====== Record extracts ======

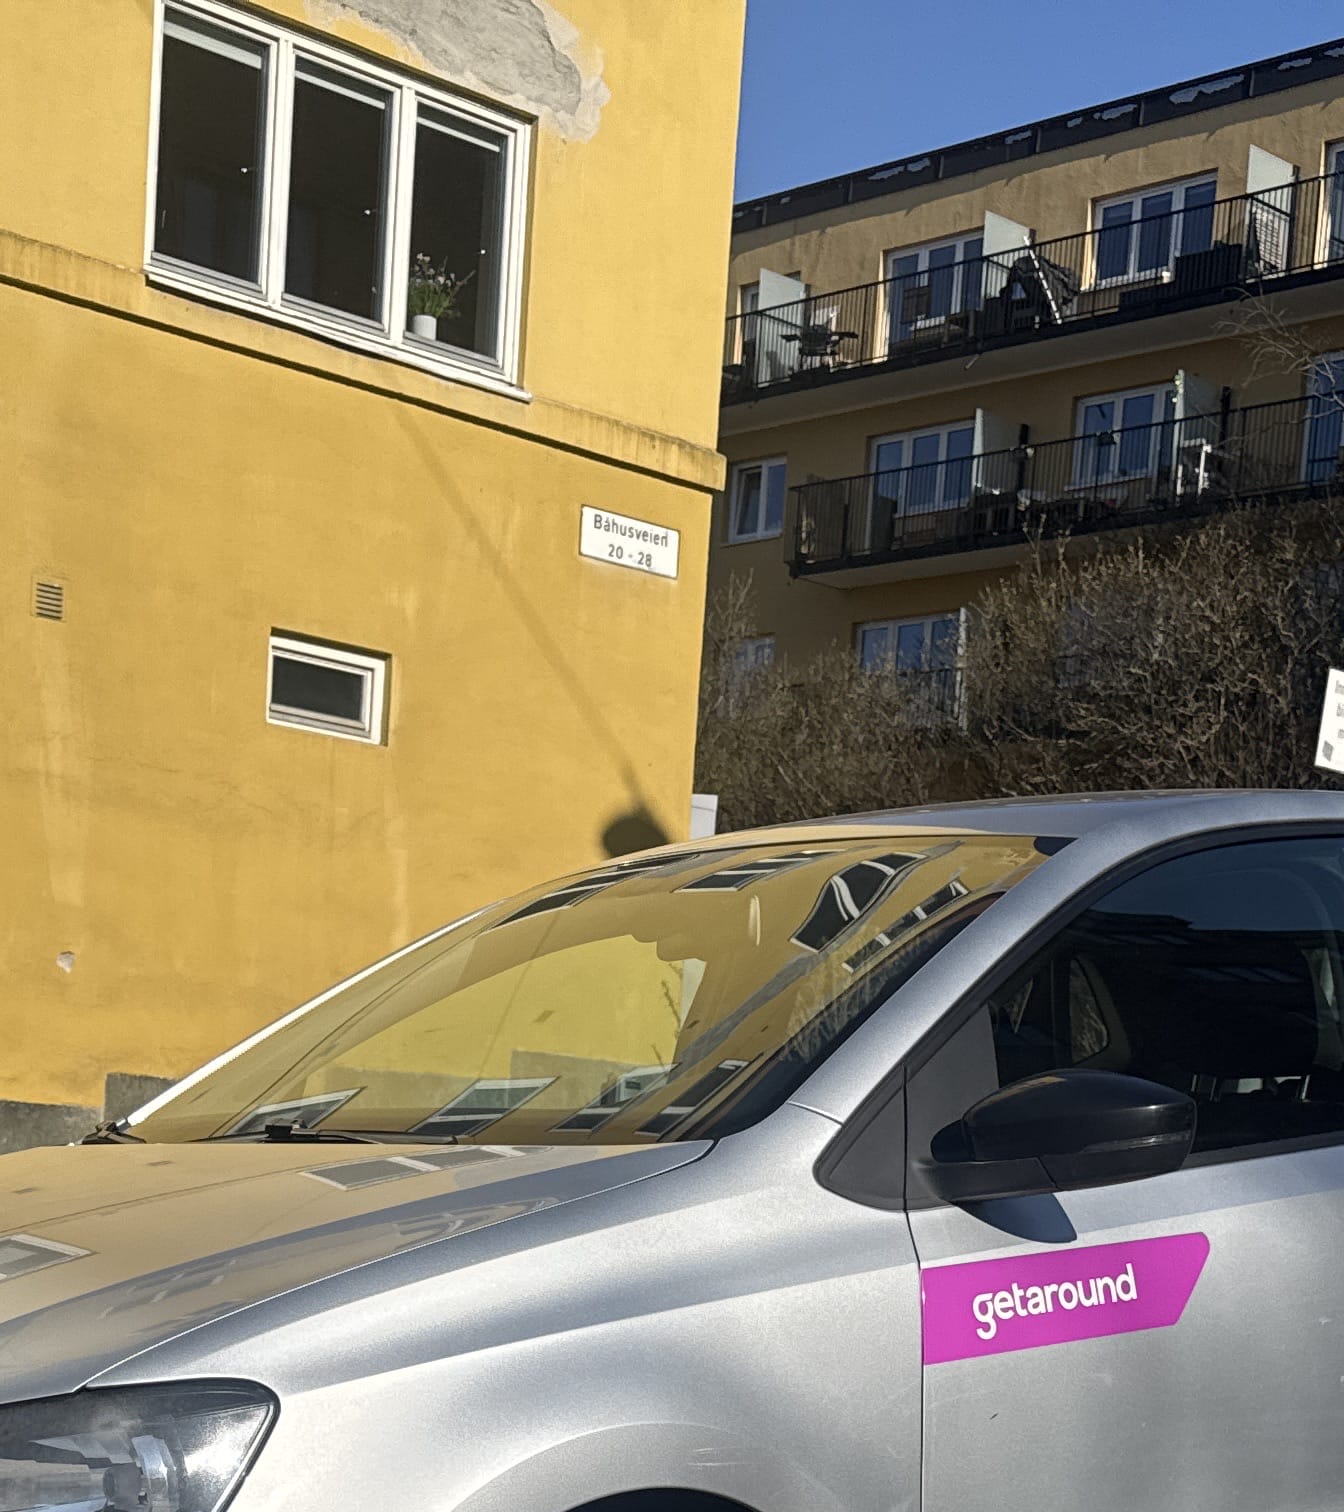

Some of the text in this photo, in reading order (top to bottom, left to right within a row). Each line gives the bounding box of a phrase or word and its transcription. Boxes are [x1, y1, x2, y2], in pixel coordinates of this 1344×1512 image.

[608, 543, 624, 560] 20
[637, 551, 653, 568] 28
[972, 1262, 1138, 1341] getaround
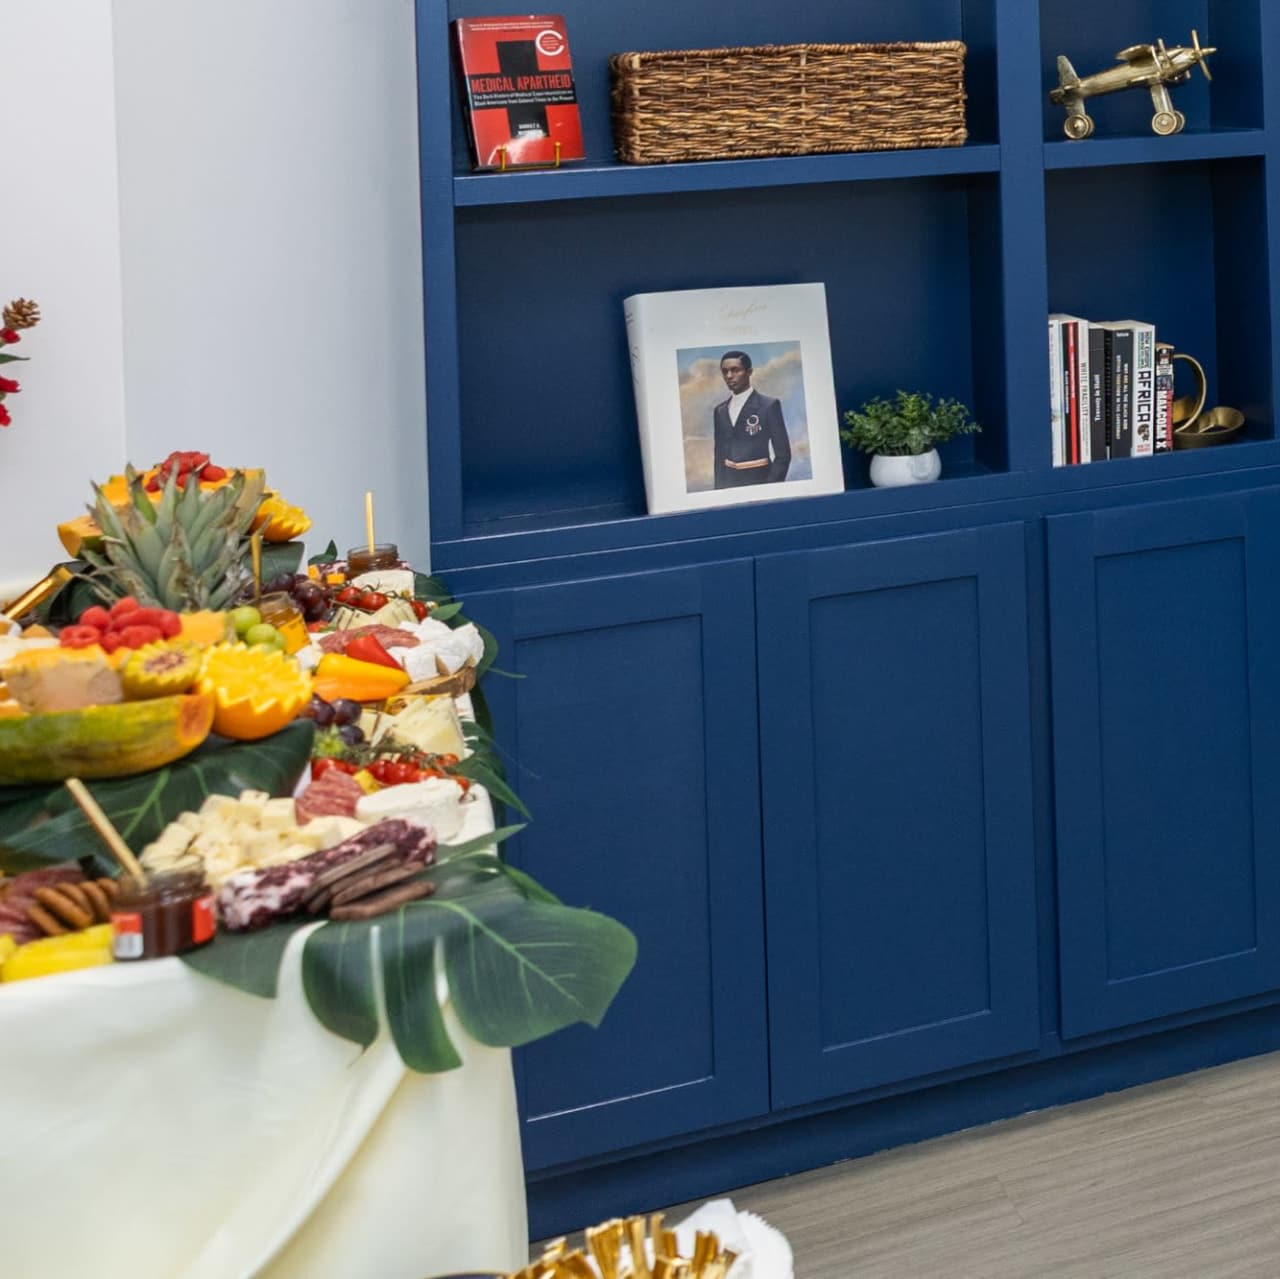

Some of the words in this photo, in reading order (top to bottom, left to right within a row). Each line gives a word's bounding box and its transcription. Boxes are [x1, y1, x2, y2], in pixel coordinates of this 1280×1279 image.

[470, 76, 515, 93] MEDICAL
[517, 74, 571, 90] APARTHEID
[1080, 362, 1088, 384] WHITE
[1081, 385, 1089, 416] FRAGILITY
[1137, 370, 1152, 422] AFRICA
[1156, 390, 1167, 439] MALCOLM
[1156, 440, 1167, 449] X
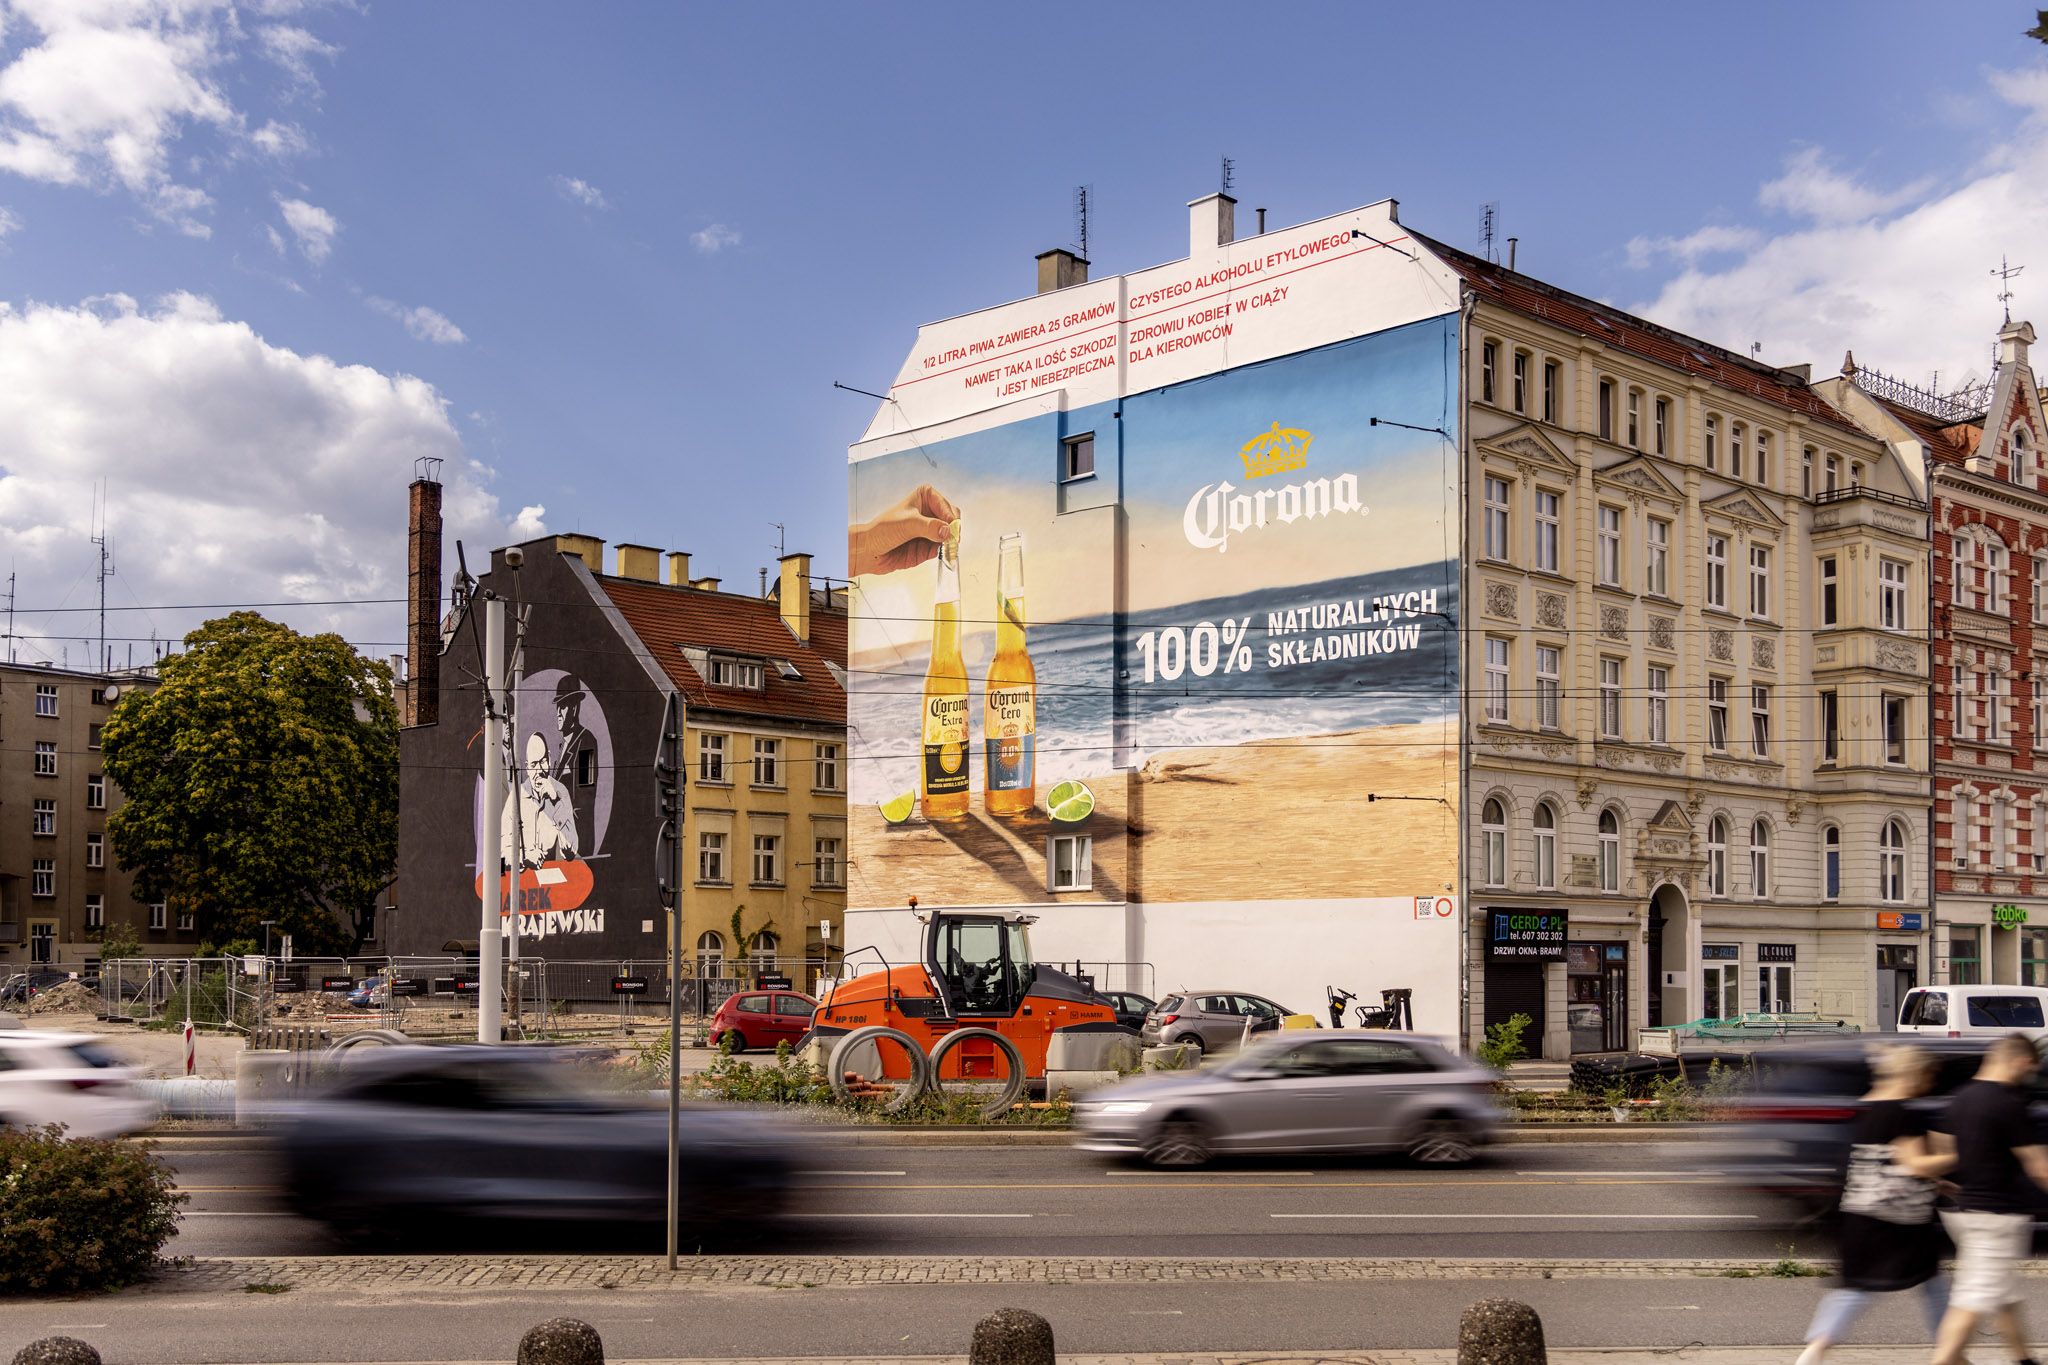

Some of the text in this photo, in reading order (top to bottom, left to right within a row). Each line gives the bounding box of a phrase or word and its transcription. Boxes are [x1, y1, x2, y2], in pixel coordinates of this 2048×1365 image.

[923, 231, 1351, 369] 1/2 LITRA PIWA ZAWIERA 25 GRAMÓW CZYSTEGO ALKOHOLU ETYLOWEGO
[965, 286, 1290, 389] NAWET TAKA ILOŚĆ SZKODZI ZDROWIU KOBIET W CIĄŻY
[996, 323, 1234, 398] I JEST NIEBEZPIECZNA DLA KIEROWCÓW
[1183, 472, 1364, 554] Corona
[1267, 588, 1438, 638] NATURALNYCH
[1135, 617, 1422, 684] 100% SKŁADNIKÓW
[930, 697, 969, 720] Corona
[989, 690, 1031, 712] Corona
[1000, 707, 1021, 720] Cero
[941, 714, 963, 727] Extra
[1493, 946, 1516, 956] DRZWI
[1510, 931, 1563, 941] tel. 607 302 302

======

Your task: None of the pictures should be copied, but every record above must be restated in full.

Task result:
Some of the text in this photo, in reading order (top to bottom, left to right within a row). Each line gives the bounding box of a phrase or word and its transcription. Boxes are [x1, y1, x2, y2], in pixel coordinates of this 1344×1512 image.

[608, 543, 624, 560] 20
[637, 551, 653, 568] 28
[972, 1262, 1138, 1341] getaround

Some of the words in this photo, in reading order (top to bottom, left to right within a row). Each line gives a word's bounding box and its transcription. Boxes are [x1, y1, x2, y2], in pixel coordinates of this 1280×1279 image.

[470, 76, 515, 93] MEDICAL
[517, 74, 571, 90] APARTHEID
[1080, 362, 1088, 384] WHITE
[1081, 385, 1089, 416] FRAGILITY
[1137, 370, 1152, 422] AFRICA
[1156, 390, 1167, 439] MALCOLM
[1156, 440, 1167, 449] X

Some of the text in this photo, in reading order (top to bottom, left to right within a row). Each line gives the bounding box of a phrase or word and its transcription. Boxes are [x1, y1, x2, y2], in pixel coordinates of this 2048×1365 image.

[923, 231, 1351, 369] 1/2 LITRA PIWA ZAWIERA 25 GRAMÓW CZYSTEGO ALKOHOLU ETYLOWEGO
[965, 286, 1290, 389] NAWET TAKA ILOŚĆ SZKODZI ZDROWIU KOBIET W CIĄŻY
[996, 323, 1234, 398] I JEST NIEBEZPIECZNA DLA KIEROWCÓW
[1183, 472, 1364, 554] Corona
[1267, 588, 1438, 638] NATURALNYCH
[1135, 617, 1422, 684] 100% SKŁADNIKÓW
[930, 697, 969, 720] Corona
[989, 690, 1031, 712] Corona
[1000, 707, 1021, 720] Cero
[941, 714, 963, 727] Extra
[1493, 946, 1516, 956] DRZWI
[1510, 931, 1563, 941] tel. 607 302 302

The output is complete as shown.